Zaporizhzhia is one of the regions which Russia partly occupies and has claimed to annex.
Lili Bayer
The Irish leader, Leo Varadkar, has said as he arrived in Brussels for an EU summit that there was still a need to focus on Ukraine. He said:
I think it’s really important that one of the outcomes of this meeting is that we don’t lose focus on Ukraine. Because of all the other things that are happening in the world, and not least in the Middle East, it would be very easy to lose focus on the war in Ukraine – and essential that we don’t do that.
Russia claims Ukraine attempted to attack Kursk nuclear plant with drones
Russia has said it thwarted a Ukrainian drone attack near a nuclear plant in the south of the country, where two news outlets said an explosion had damaged the facade of a warehouse storing nuclear waste.
Reuters reports that the defence ministry said air defences foiled “an attempt by the Kyiv regime to carry out a terrorist attack” when they intercepted a drone late on Thursday near the settlement of Kurchatov in the southern region of Kursk.
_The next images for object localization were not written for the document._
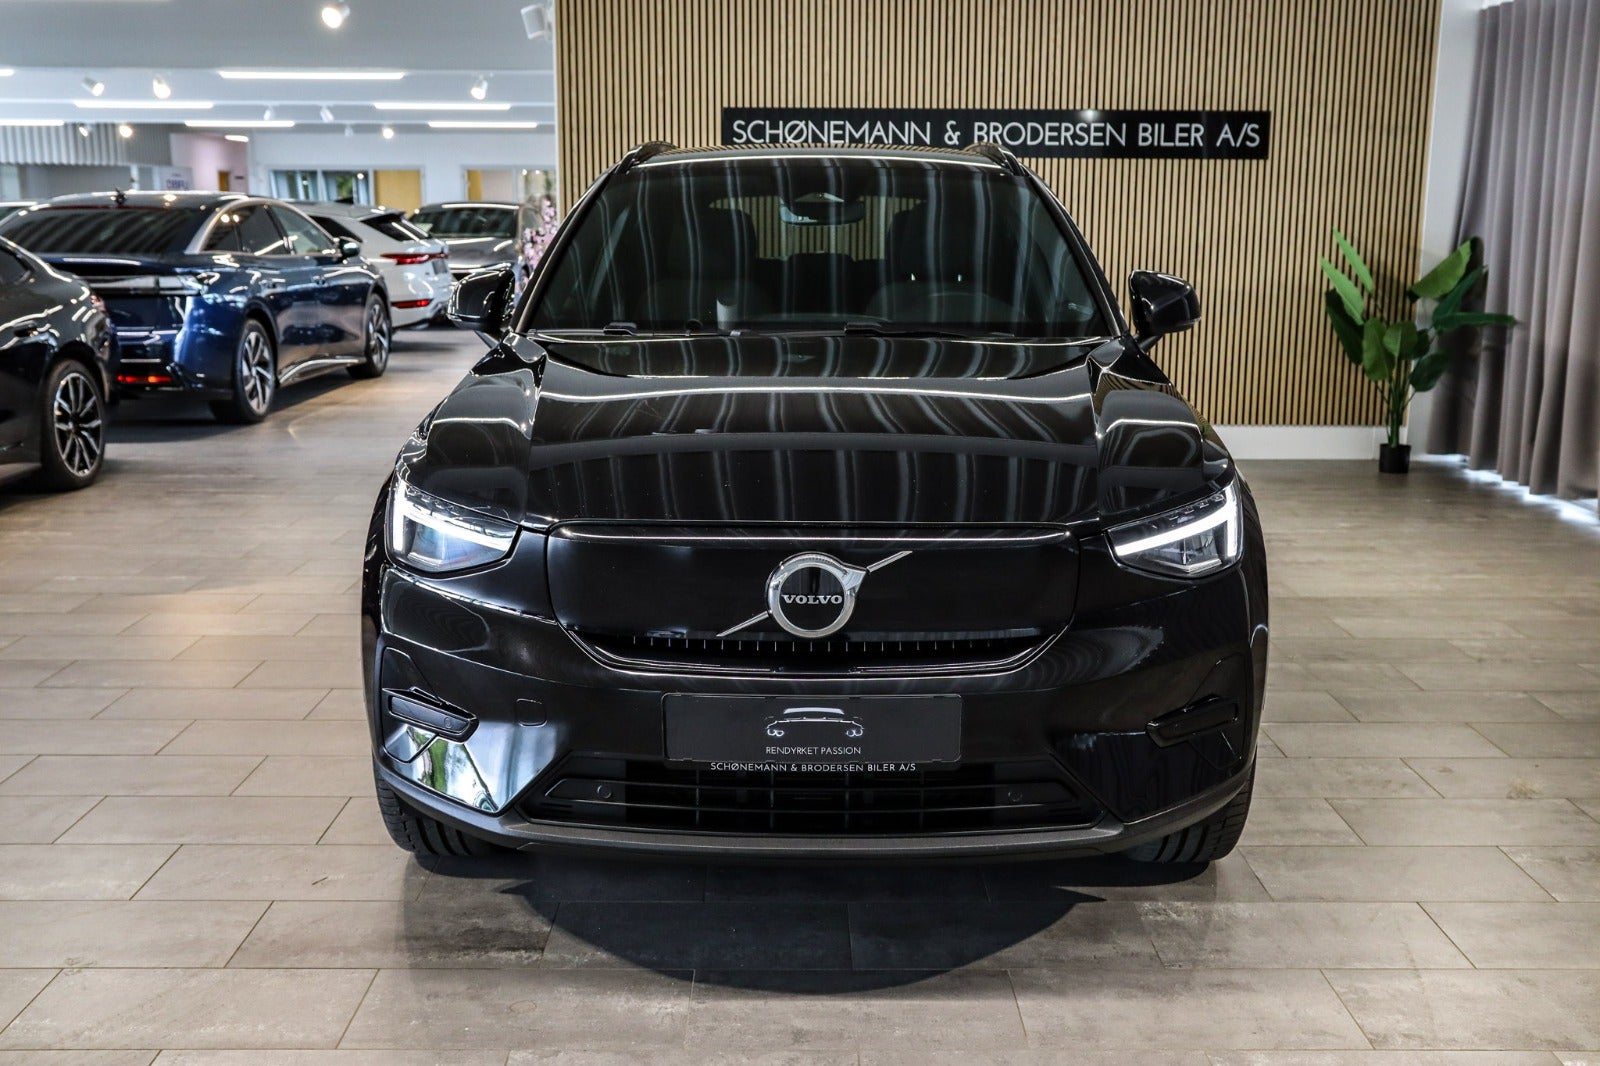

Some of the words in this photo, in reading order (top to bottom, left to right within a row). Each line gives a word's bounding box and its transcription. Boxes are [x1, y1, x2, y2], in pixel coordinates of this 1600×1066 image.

[732, 120, 931, 145] SCHØNEMANN
[944, 120, 961, 146] &
[973, 121, 1127, 147] BRODERSEN
[1137, 122, 1205, 147] BILER
[1215, 122, 1261, 147] A/S
[781, 594, 843, 605] VOLVO
[765, 746, 819, 755] RENDYRKET
[820, 746, 862, 755] PASSION
[710, 762, 787, 772] SCHØNEMANN
[790, 763, 798, 772] &
[801, 763, 864, 772] BRODERSEN
[867, 763, 896, 772] BILER
[899, 762, 917, 772] A/S
Kurchatov is home to the Kursk nuclear power station, which said in a separate statement that an attempt to attack it with three drones had been thwarted. Tass quotes it as saying:
The Kursk nuclear power plant is operating as normal. We confirm that on the evening of 26 October, an attack by three enemy unmanned aerial vehicles on the Kursk nuclear power plant was stopped. This event did not affect the operation of the station.
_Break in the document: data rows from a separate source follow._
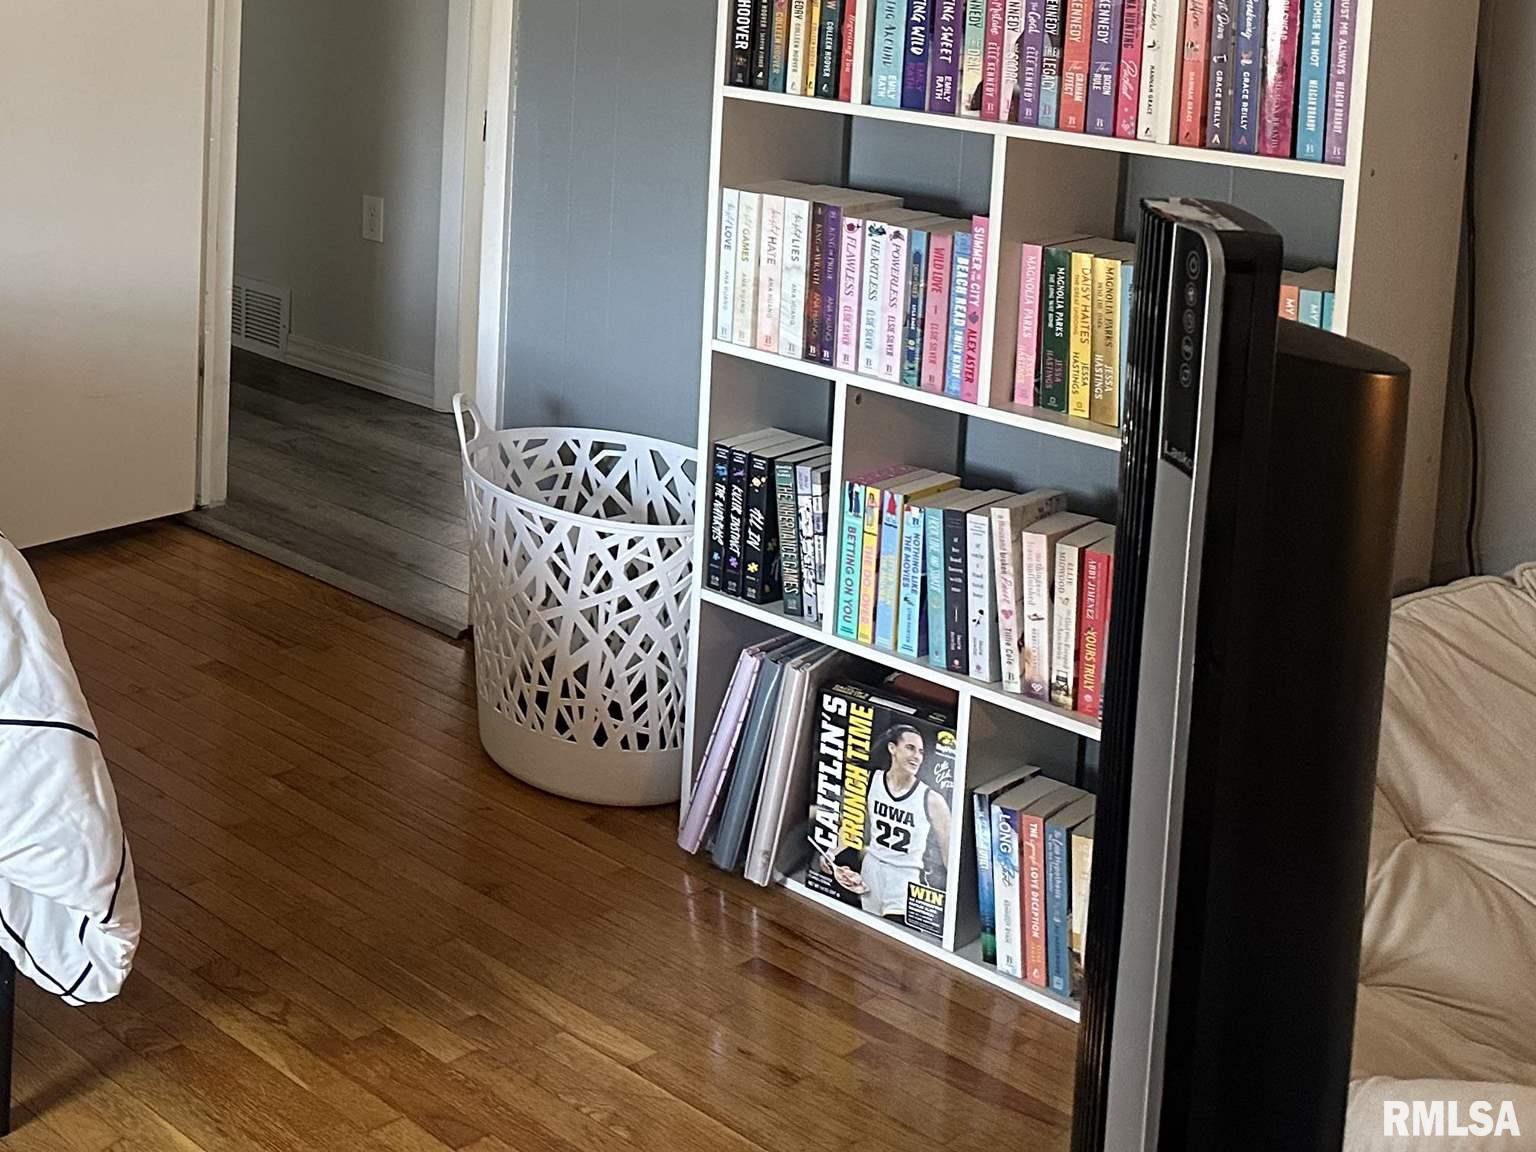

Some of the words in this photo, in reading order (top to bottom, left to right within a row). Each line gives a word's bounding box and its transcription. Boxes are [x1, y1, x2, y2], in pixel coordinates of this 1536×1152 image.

[735, 0, 751, 49] HOOVER
[1312, 32, 1321, 45] ME
[911, 26, 925, 55] WILD
[940, 26, 955, 63] SWEET
[988, 42, 998, 59] ELLE
[1026, 47, 1036, 64] ELLE
[1310, 48, 1320, 67] NOT
[878, 75, 886, 97] RATH
[887, 75, 897, 99] EMILY
[935, 76, 943, 100] RATH
[944, 76, 952, 102] EMILY
[986, 62, 997, 96] KENNEDY
[1024, 66, 1035, 102] KENNEDY
[1042, 57, 1056, 92] LEGACY
[1065, 72, 1074, 96] EFFECT
[1074, 73, 1084, 101] GRAHAM
[1093, 74, 1102, 90] RULE
[1102, 74, 1112, 95] DIXON
[1215, 70, 1223, 98] GRACE
[1242, 72, 1250, 99] GRACE
[1214, 101, 1222, 128] REILLY
[1240, 102, 1248, 129] REILLY
[724, 226, 734, 251] LOVE
[741, 228, 750, 262] GAMES
[767, 236, 777, 265] HATE
[791, 239, 800, 262] LIES
[972, 227, 984, 270] SUMMER
[844, 235, 857, 296] FLAWLESS
[868, 238, 880, 301] HEARTLESS
[933, 248, 945, 269] WILD
[889, 242, 901, 309] POWERLESS
[931, 271, 943, 294] LOVE
[956, 257, 968, 293] BEACH
[1024, 255, 1036, 305] MAGNOLIA
[1056, 267, 1065, 309] MAGNOLIA
[1081, 268, 1091, 301] DAISY
[969, 283, 980, 307] CITY
[1104, 266, 1114, 316] MAGNOLIA
[954, 297, 966, 326] READ
[1285, 298, 1295, 316] MY
[1309, 303, 1319, 321] MY
[1022, 308, 1033, 338] PARKS
[1055, 312, 1063, 337] PARKS
[1080, 304, 1089, 344] HAITES
[1104, 319, 1113, 348] PARKS
[967, 328, 977, 352] ALEX
[964, 354, 976, 383] ASTER
[1081, 362, 1089, 386] JESSA
[1094, 354, 1104, 399] HASTINGS
[1104, 364, 1113, 392] JESSA
[845, 526, 857, 575] BETTING
[911, 533, 921, 574] NOTHING
[902, 553, 910, 588] MOVIES
[1088, 559, 1096, 579] ABBY
[845, 578, 855, 597] ON
[1086, 582, 1096, 620] JIMENEZ
[843, 599, 853, 623] YOU
[1084, 629, 1096, 661] YOURS
[1083, 663, 1095, 692] TRULY
[847, 702, 875, 762] TIME
[814, 694, 847, 850] CAITLIN'S
[842, 763, 870, 850] CRUNCH
[873, 800, 915, 827] IOWA
[876, 819, 911, 854] 22
[1030, 867, 1040, 888] LOVE
[909, 884, 944, 906] WIN
[1031, 892, 1040, 938] DECEPTION
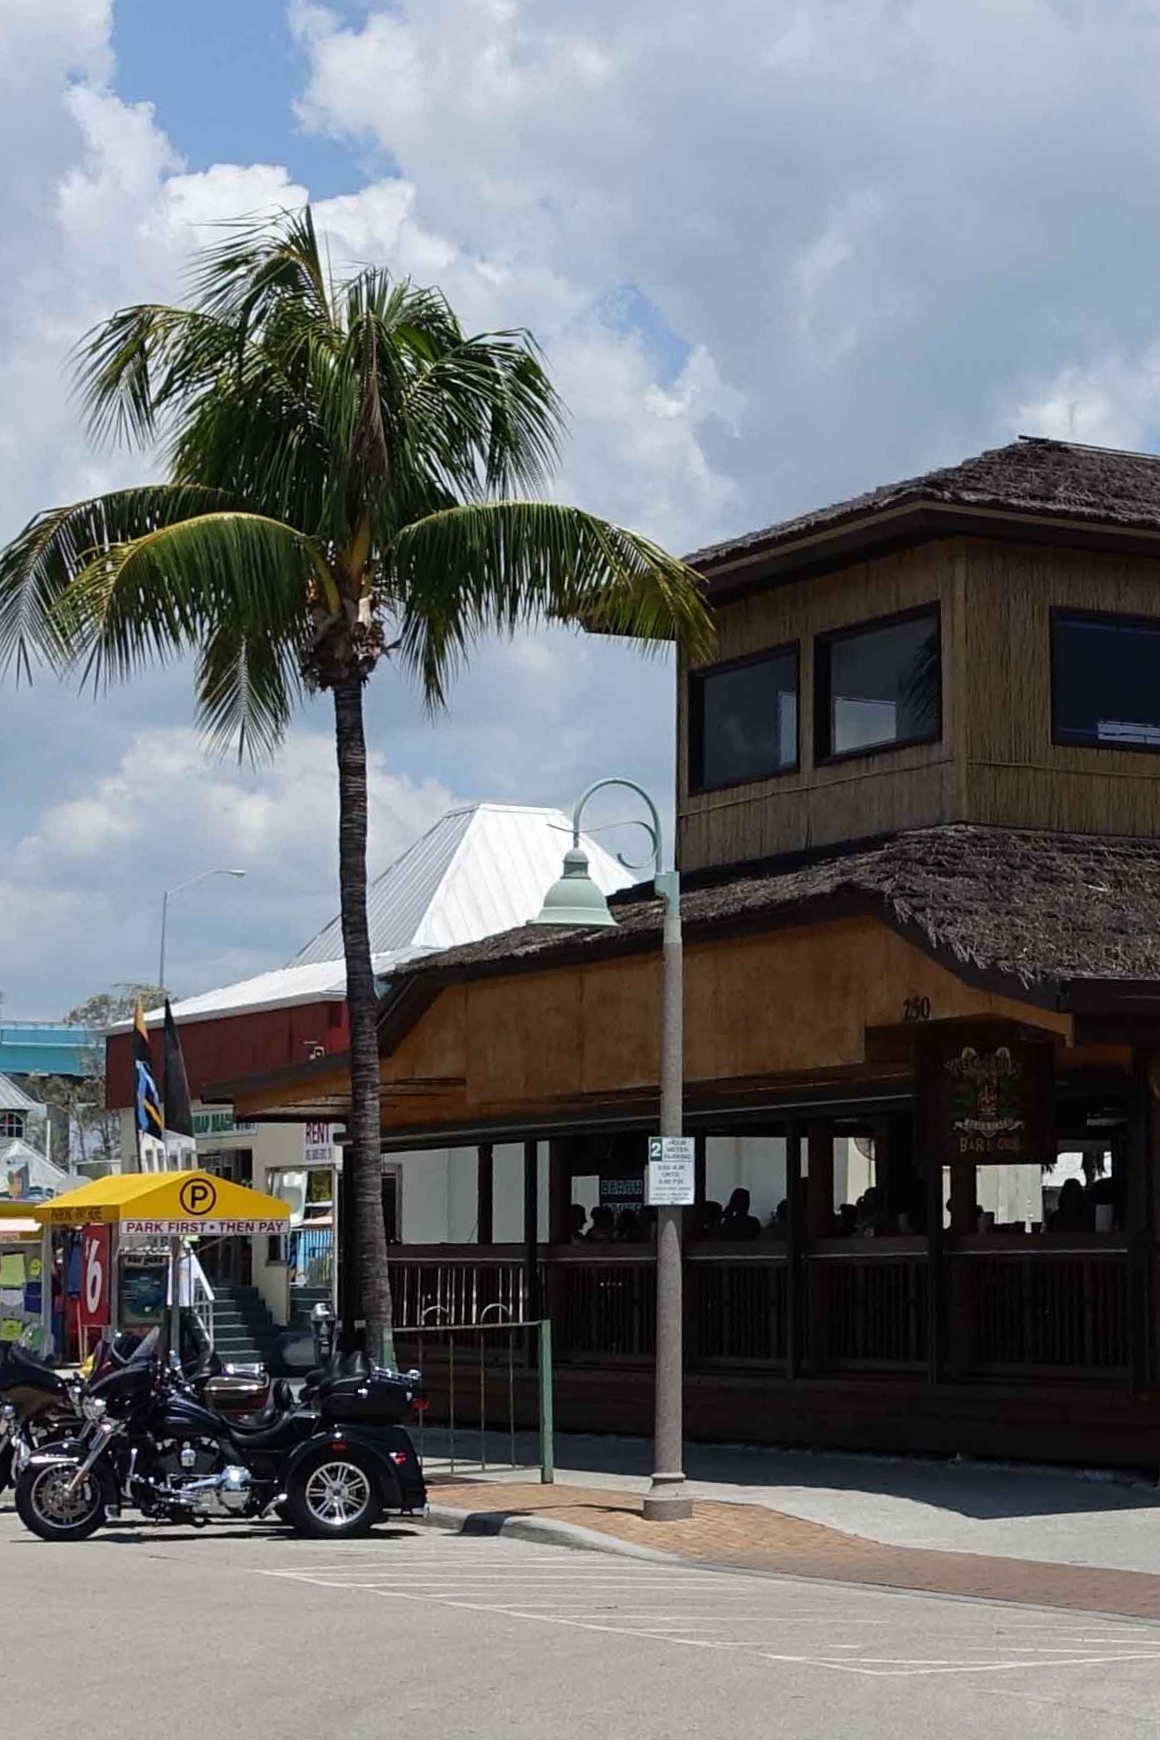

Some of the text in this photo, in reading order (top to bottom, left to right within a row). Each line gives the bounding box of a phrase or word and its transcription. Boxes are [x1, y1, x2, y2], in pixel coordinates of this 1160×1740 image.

The claims have not been independently verified.
Lili Bayer
Arriving at the EU’s summit in Brussels this morning, the European Council president, Charles Michel, said he expected leaders to discuss Ukraine, adding that there was broad support for financial assistance to the country.
Asked about Hungary and Slovakia – both of which have expressed qualms about funding for Kyiv – the council chief said the EU needed to make sure decisions were made by consensus and that the function of summits was to make sure leaders convince, argue and, at the end, find unity.
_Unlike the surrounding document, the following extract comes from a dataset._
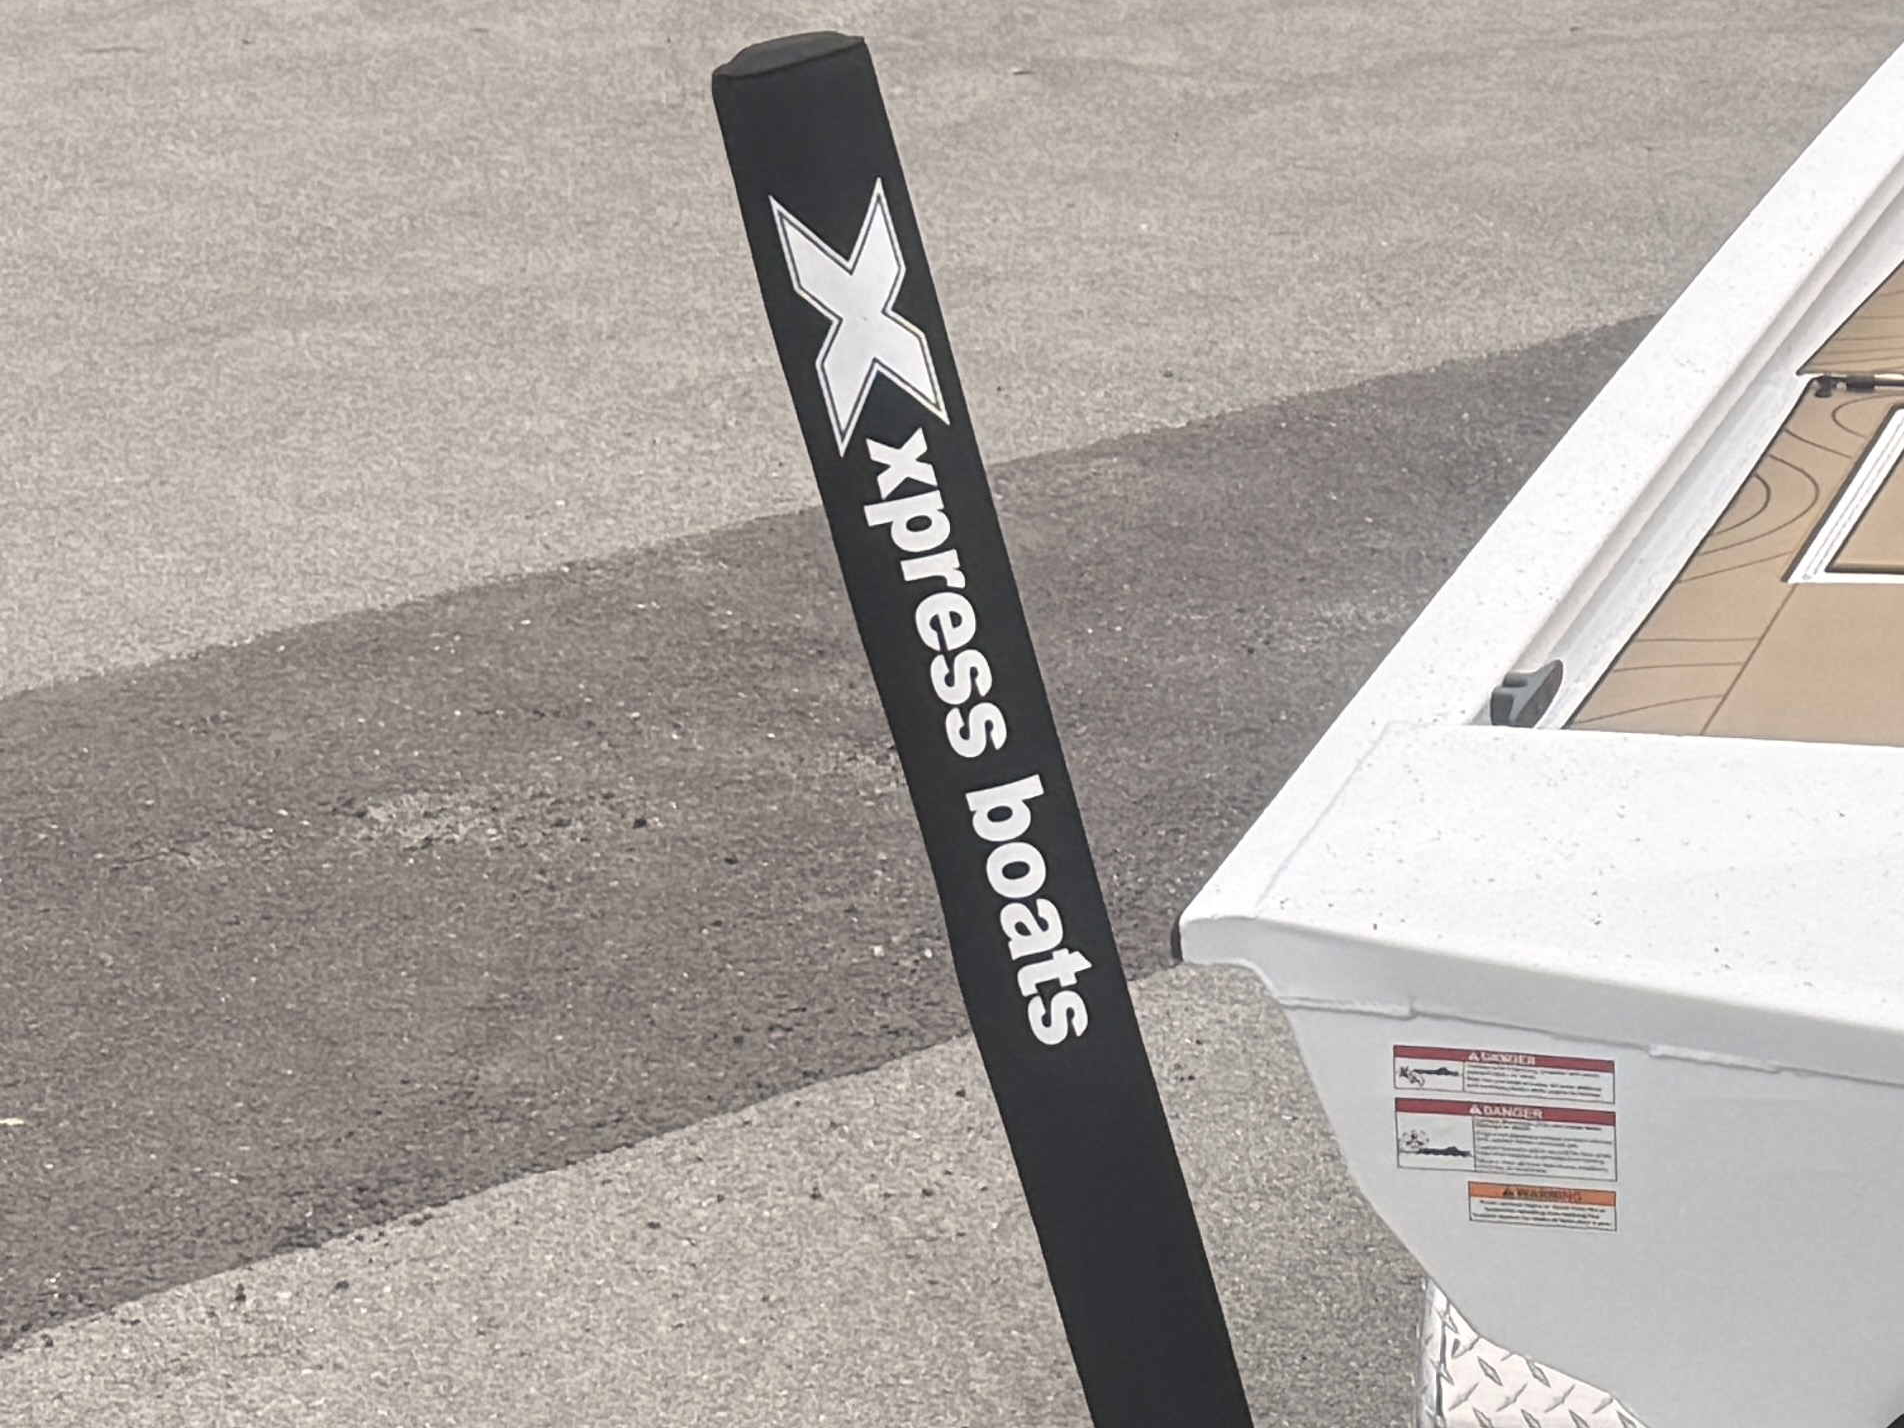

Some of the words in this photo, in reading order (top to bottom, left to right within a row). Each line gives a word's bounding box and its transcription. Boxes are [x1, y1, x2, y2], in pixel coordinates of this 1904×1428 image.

[863, 427, 1008, 758] xpress
[965, 775, 1089, 1046] boats
[1483, 1104, 1544, 1120] DANGER
In its latest intelligence report on the war in Ukraine, the UK’s Ministry of Defence has noted that:
The Russian airforce’s long range aviation fleet of heavy bombers has not conducted air launched cruise missile strikes into Ukraine for over a month, one of the longest gaps in such strikes since the conflict began.
It suggests this may be because operationally the Russian air force needed to replenish cruise missiles stocks.
Russia’s defence ministry has claimed that overnight it intercepted a Ukrainian drone over the territory of the Kursk region. There were no reports of any damage or casualties.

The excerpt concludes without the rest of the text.